Title: "von Willebrand factor: Friend or Foe?"

von Willebrand factor (VWF) is a glycoprotein serving as an adhesive ligand for hemostasis, which is the process of bleed arrest at the site of vascular injury. It is a large protein of 250 kDa that is made even larger by forming multimers containing 2-20 multimers of different sizes. VWF functions to capture platelets to the site of vascular injury to initiate hemostasis but also causes vascular occlusion (thrombosis). The hemostatic and prothrombotic activities of VWF is directly associated with its multimer sizes with large and very large multimers being prothrombotic. This VWF hyperadhesive activity can be reduced by the metalloprotease ADAMTS-13 (A Disintegrin and Metalloprotease with a Thrombospondin Type I Motif 13), which cleaves VWF to smaller multimers. ADAMTS-13 cleaved VWF multimers maintain hemostatic activity but no longer cause thrombosis. VWF activity is also regulated by hemodynamic and other physical forces by activating VWF to bind its receptor on platelets, by changing its multimerization, and by accelerating its cleavage by ADMATS-13. As an acute phase reactant, VWF is substantially released from injured or inflamed endothelial cells to propagate the traumatic brain injury-induced endothelial injury and intravascular coagulation by mediating vascular injury caused by extracellular vesicles and by activating platelets. In addition, the high shear stress blood flow driven by left ventricular assist devices (LVAD) results in the loss of hemostatic active VWF multimers by binding to platelets or excessively cleaved by ADAMTS-13. In both pathologies, recombinant ADAMT-13 modifies the VWF-induced pathologies. The state of the VWF-ADAMTS-13 interaction is therefore important for both hemostasis and thrombosis.

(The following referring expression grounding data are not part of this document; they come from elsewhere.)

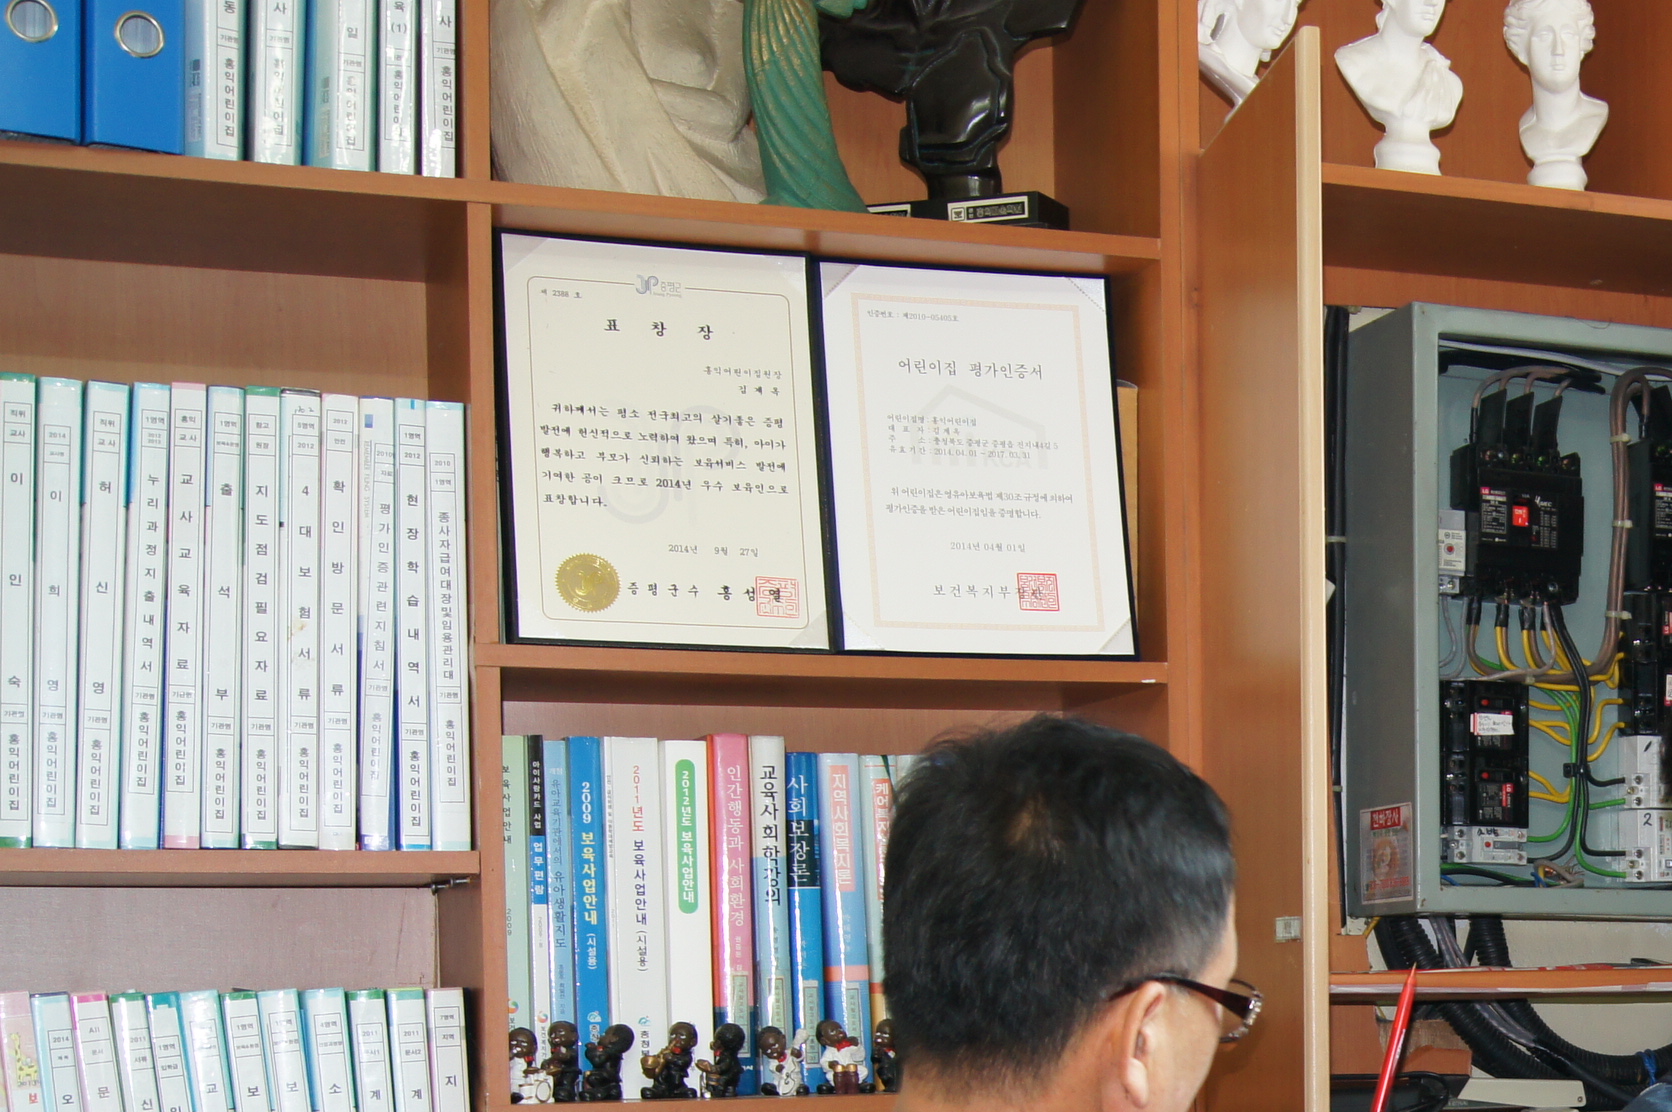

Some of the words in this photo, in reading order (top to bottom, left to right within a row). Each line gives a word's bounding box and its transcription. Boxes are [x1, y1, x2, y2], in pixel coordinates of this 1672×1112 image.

[899, 357, 957, 377] 어린이집
[969, 362, 1043, 380] 평가인증서
[540, 424, 571, 437] 발전에
[578, 427, 633, 441] 헌신적으로
[639, 431, 680, 443] 노력하여
[686, 434, 717, 447] 왔으며
[753, 439, 786, 451] 아이가
[617, 407, 639, 419] 평소
[712, 413, 756, 427] 살기좋은
[763, 416, 783, 429] 증평
[404, 452, 421, 460] 2012
[541, 446, 586, 460] 행복하고
[596, 451, 630, 464] 부모가
[639, 454, 683, 467] 신뢰하는
[694, 458, 746, 470] 보육서비스
[755, 460, 786, 473] 발전에
[542, 470, 575, 483] 기여한
[583, 472, 603, 485] 공이
[611, 474, 648, 487] 크므로
[655, 478, 692, 490] 2014년
[701, 480, 724, 492] 우수
[731, 482, 789, 495] 보육인으로
[543, 493, 608, 508] 표창합니다.
[668, 543, 698, 555] 2014년
[627, 582, 699, 598] 증평군수
[581, 782, 592, 824] 2009
[681, 770, 693, 826] 2012년도
[726, 765, 744, 851] 인간행동과
[759, 765, 782, 907] 교육사회학강의
[786, 774, 811, 883] 사회보장론
[831, 773, 852, 885] 지역사회복지론
[533, 841, 545, 895] 업무편람
[581, 832, 598, 925] 보육사업안내
[633, 840, 648, 926] 보육사업안내
[681, 831, 695, 904] 보육사업안내
[728, 857, 745, 927] 사회환경
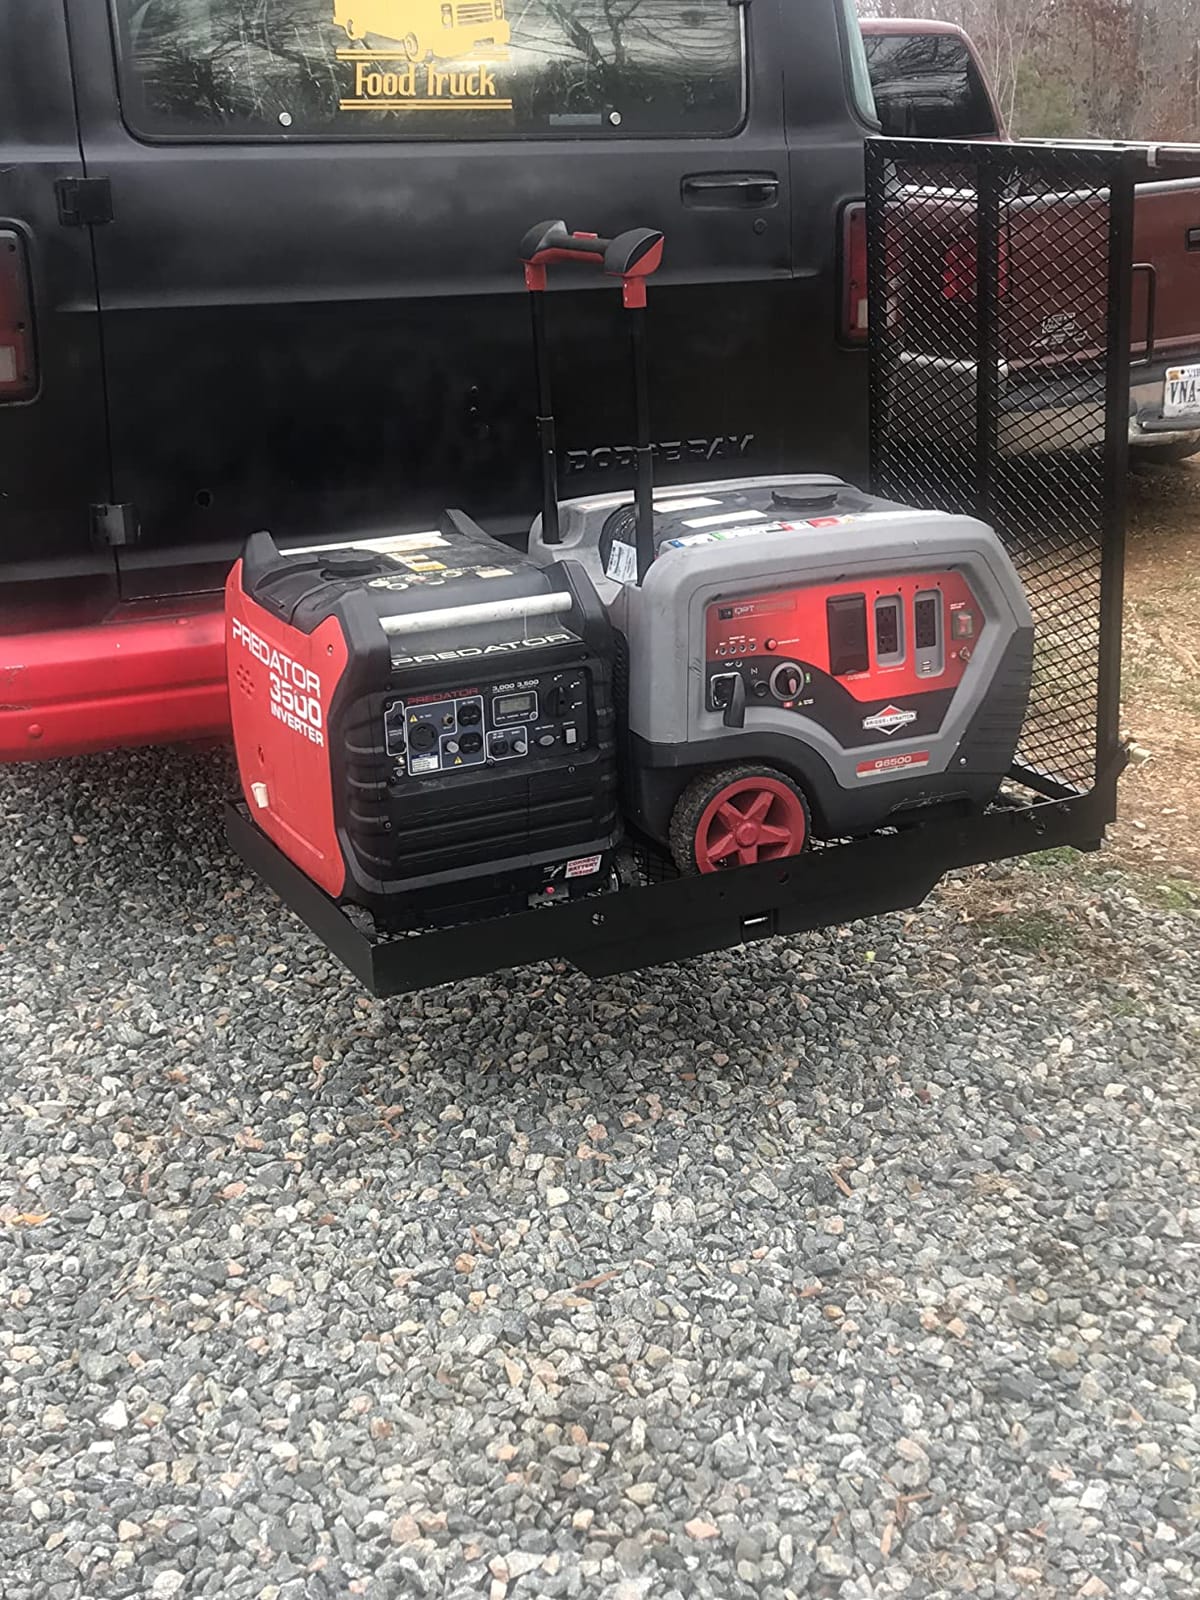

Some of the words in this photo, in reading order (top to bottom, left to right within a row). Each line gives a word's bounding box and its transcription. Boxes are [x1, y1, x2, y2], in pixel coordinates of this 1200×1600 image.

Jing-fei Dong, M.D., Ph.D.
Professor of Medicine, Hematology Division
Department of Medicine University of Washington

Jing-fei Dong, MD, PhD, is a full member of the Bloodwork Research Institute and a Professor of Medicine in the Division of Hematology and Oncology, Department of Medicine, the University of Washington School of Medicine. He received his medical training from Lanzhou Medical College and Tianjin Medical University in China (clinical certification in 1984) and his graduate training in Neurobiology from University of Birmingham in the United Kingdom (PhD in 1993). He completed his clinical fellowship in Neurosurgery in the Midline Center for Neurosurgery and Neurology, University of Birmingham School of Medicine (a Fellow of the Royle College of Surgeons in 1993). He received his basic science postdoctoral research training in hemostasis and thrombosis at the Gladstone Institute of Cardiovascular Sciences, University of California San Francisco. He was first appointed as an Assistant Professor in 1996 and moved up the rank to a professor with tenure and endowed professorships in Baylor College of Medicine. He served as the Chief of Thrombosis Division of the Department of Medicine and the director of the Cardiovascular Science Graduate Program at Baylor. His research focuses on the structure-functional relationship of the adhesive ligand von Willebrand factor and its cleaving metalloprotease ADAMTS-13, especially the role of VWF-ADAMTS-13 in the development of bleeding and thrombotic complications of patients with traumatic brain injury and those with terminal heart failure and supported by left ventricular assist devices.